An image-free, verbatim transcription of the records is the expected result.

Stored records:
——

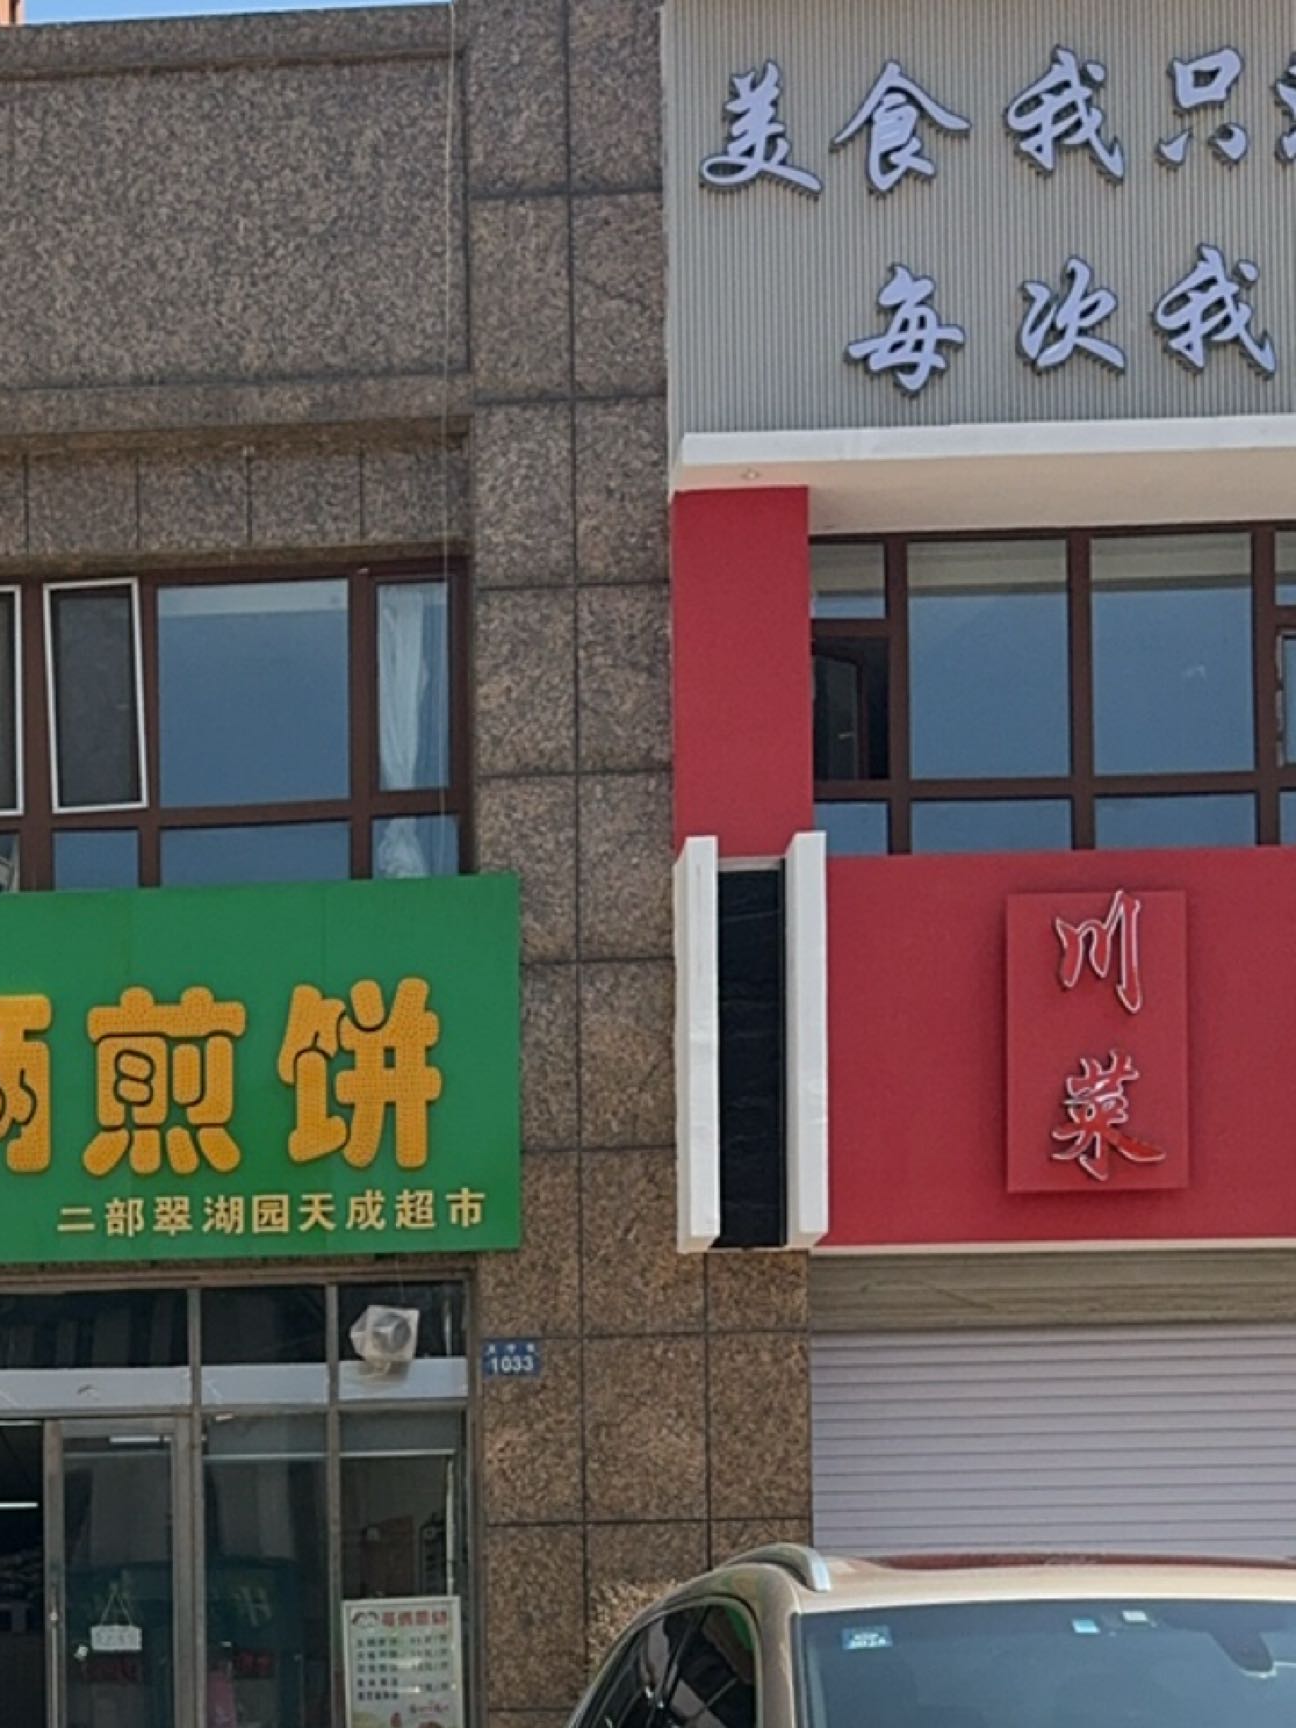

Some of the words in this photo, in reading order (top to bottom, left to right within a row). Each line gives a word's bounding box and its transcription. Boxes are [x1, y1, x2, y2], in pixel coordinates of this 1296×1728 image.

[701, 43, 1296, 196] 美食我只
[1051, 888, 1167, 1181] 川菜
[56, 1187, 487, 1238] 二部翠湖园天成超市
[489, 1356, 534, 1375] 1033

——

- _SOLUTION TO THIS TASK_:
Some of the words in this photo, in reading order (top to bottom, left to right within a row). Each line gives a word's bounding box and its transcription. Boxes are [x1, y1, x2, y2], in pixel coordinates of this 1296×1728 image.

[701, 43, 1296, 196] 美食我只
[1051, 888, 1167, 1181] 川菜
[56, 1187, 487, 1238] 二部翠湖园天成超市
[489, 1356, 534, 1375] 1033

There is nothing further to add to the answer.